Führungskräfte lieben Zahlen – aber auch sie sind Menschen. Und Menschen überzeugen Sie nicht nur mit Normen, sondern mit Nutzen.
Argument 1: Effizienz & Kostenersparnis
- Weniger Konflikte, weniger Eskalationen, reibungslosere Abläufe
- Fehler werden früher erkannt – und damit günstiger gelöst
Argument 2: Motivation & Mitarbeiterbindung
- Wer sich sicher fühlt und ernst genommen wird, bringt sich eher ein
- Gute Kultur = weniger Fluktuation = geringere Recruiting-Kosten
Argument 3: Reputation & Kundenzufriedenheit
- Kunden merken, ob Qualität gelebt oder nur behauptet wird
- Faire Kommunikation und verantwortliches Handeln stärken die Marke
Argument 4: Zukunftssicherheit
- Organisationen mit starker Kultur sind widerstandsfähiger – gerade in Krisenzeiten
➡️ Formulieren Sie Ihre Argumente positiv und lösungsorientiert:
„Wenn wir Kultur und Ethik gezielt angehen, stärken wir die Qualität von innen – und das bringt der Organisation direkt etwas.“
Tipp: Suchen Sie sich eine Verbündete im Führungsteam.
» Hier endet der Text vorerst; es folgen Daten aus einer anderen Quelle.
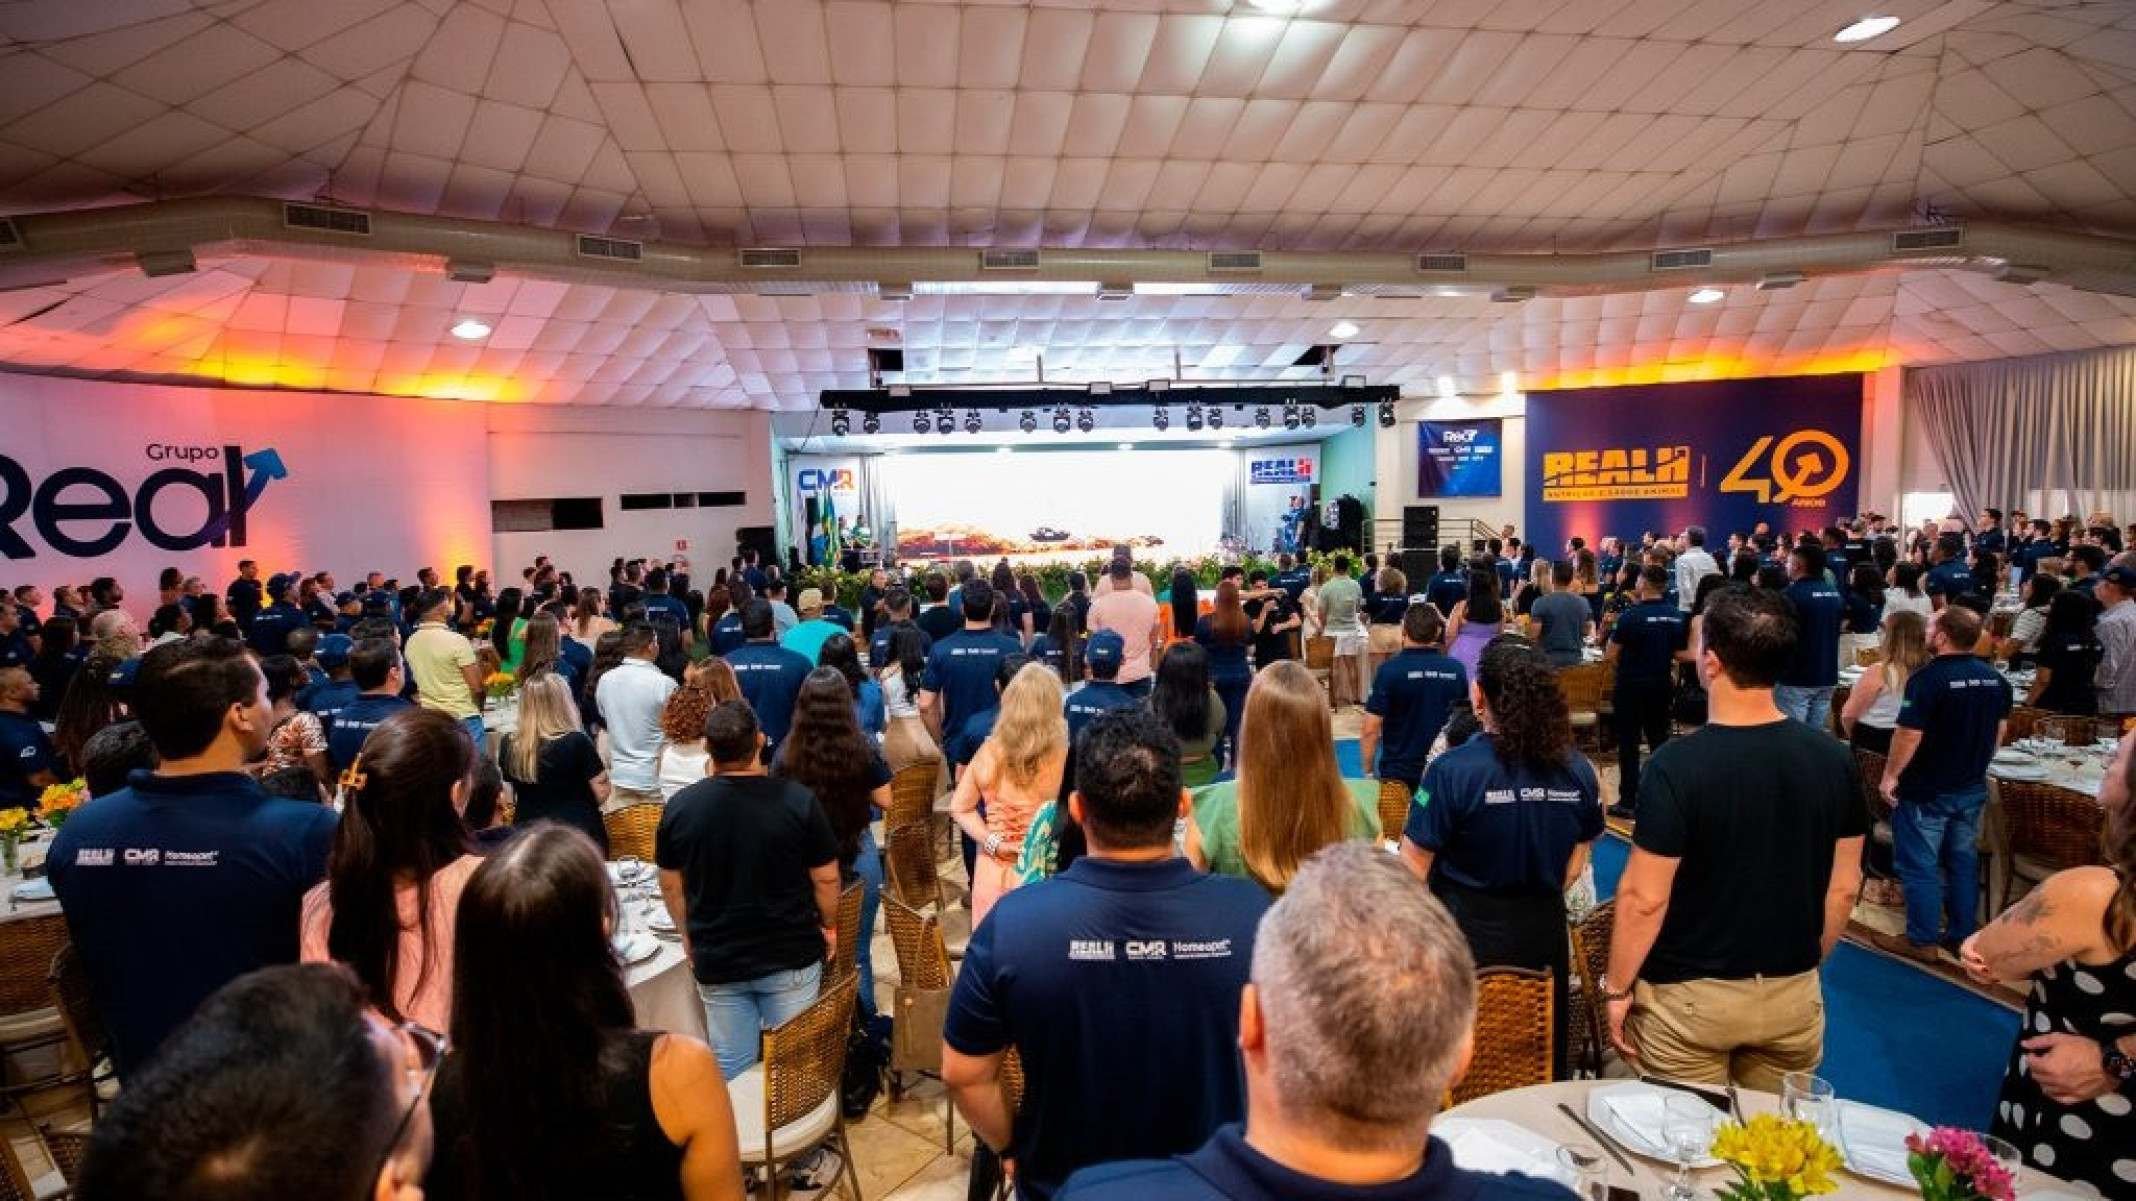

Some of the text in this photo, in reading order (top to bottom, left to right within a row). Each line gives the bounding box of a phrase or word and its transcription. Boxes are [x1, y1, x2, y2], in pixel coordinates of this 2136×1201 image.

[146, 443, 220, 462] Grupo
[798, 468, 855, 490] CMR
[1125, 940, 1166, 955] CMR
Allein ist es schwer – zu zweit wird es leichter.
🎤 Bonusfrage: Wie reagieren Auditor:innen auf das Thema Kultur – und was wird konkret gefragt?
Die ISO 9001:2025 wird Kultur und Ethik explizit prüfen – und das macht sie auditrelevant.
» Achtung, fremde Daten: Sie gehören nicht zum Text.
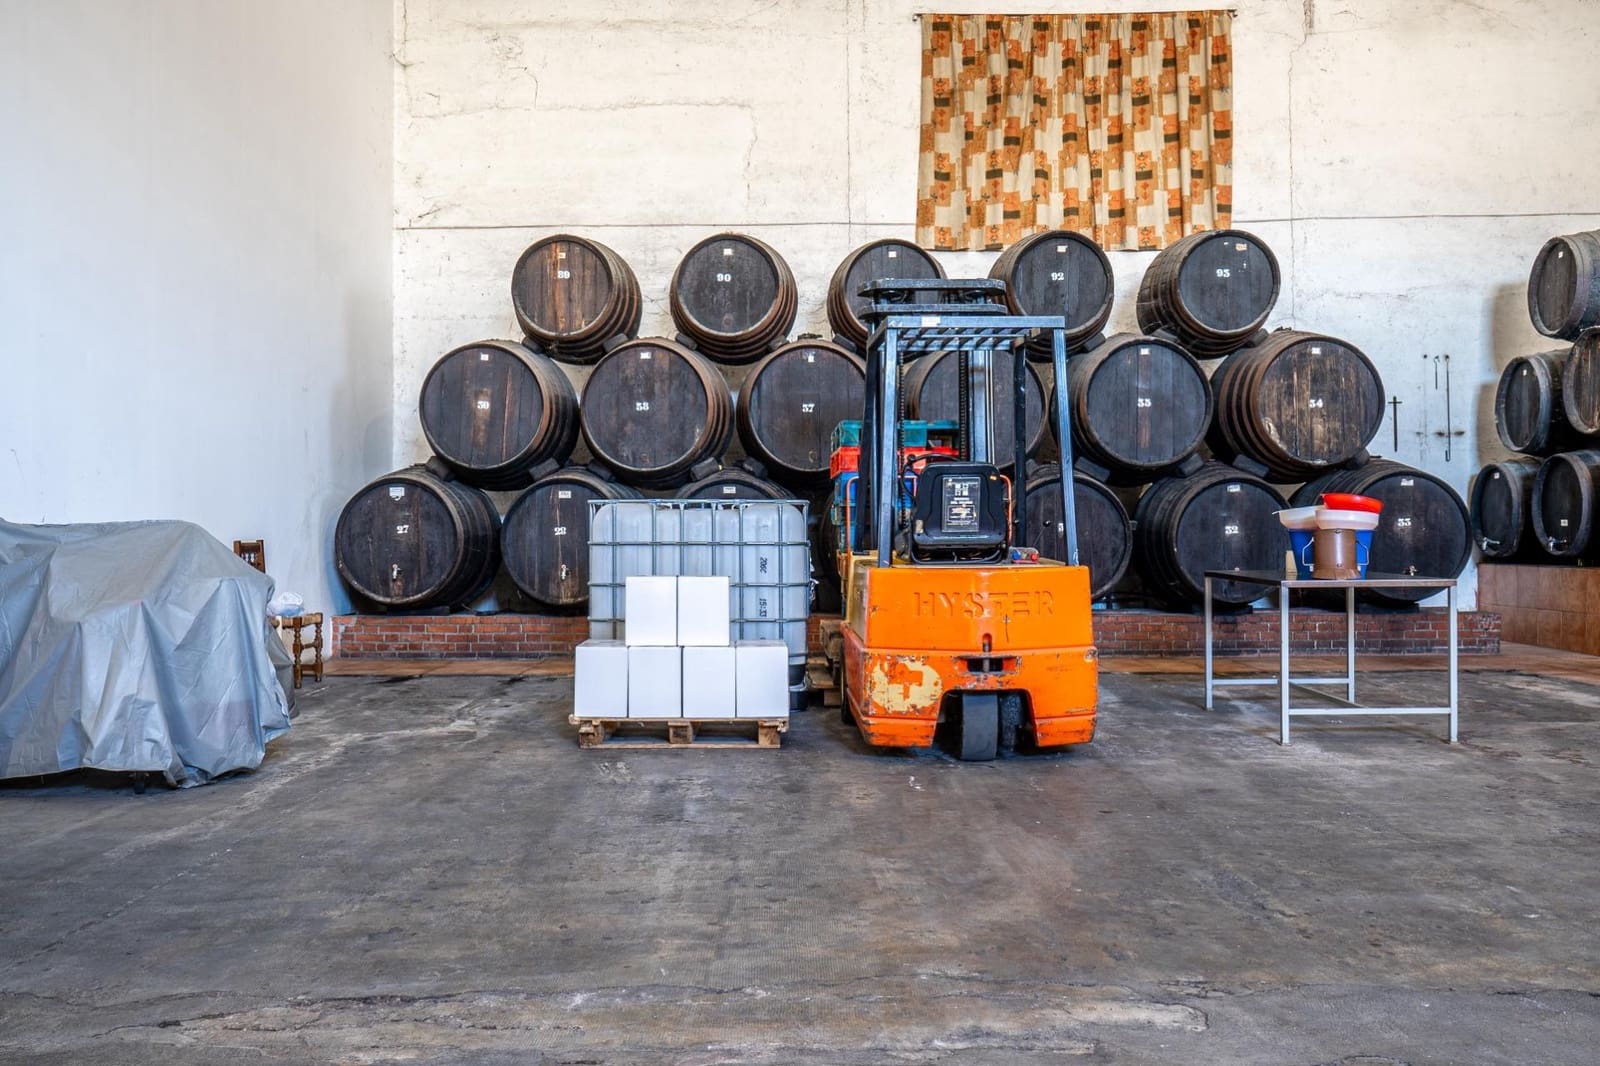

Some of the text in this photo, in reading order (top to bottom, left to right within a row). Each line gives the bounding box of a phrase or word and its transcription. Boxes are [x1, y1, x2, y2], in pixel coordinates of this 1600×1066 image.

[716, 273, 732, 282] 90
[1051, 272, 1065, 281] 92
[396, 525, 410, 534] 27
[913, 591, 1055, 618] HYSTER
Auditor:innen werden nicht erwarten, dass Sie ein „perfektes Wertesystem“ präsentieren.
Aber sie wollen sehen:
- Haben Sie sich mit der Thematik beschäftigt?
- Gibt es konkrete Beispiele für gelebte Kultur?
- Wie wird Führung in der Organisation erlebt – und was bedeutet Qualität für Mitarbeitende?
Mögliche Auditfragen:
- „Wie wird Qualität in Ihrer Organisation spürbar – jenseits von Prozessen?“
- „Wie geht Ihre Führung mit Fehlern um?“
- „Gibt es einen Mechanismus, um ethische Konflikte offen anzusprechen?“
- „Welche Werte leiten Ihr Handeln – und wie kommunizieren Sie das intern?“
💡 Seien Sie ehrlich. Es geht nicht um Perfektion – sondern um Bewusstsein und Reflexion. Und: Beispiele wirken stärker als Konzepte.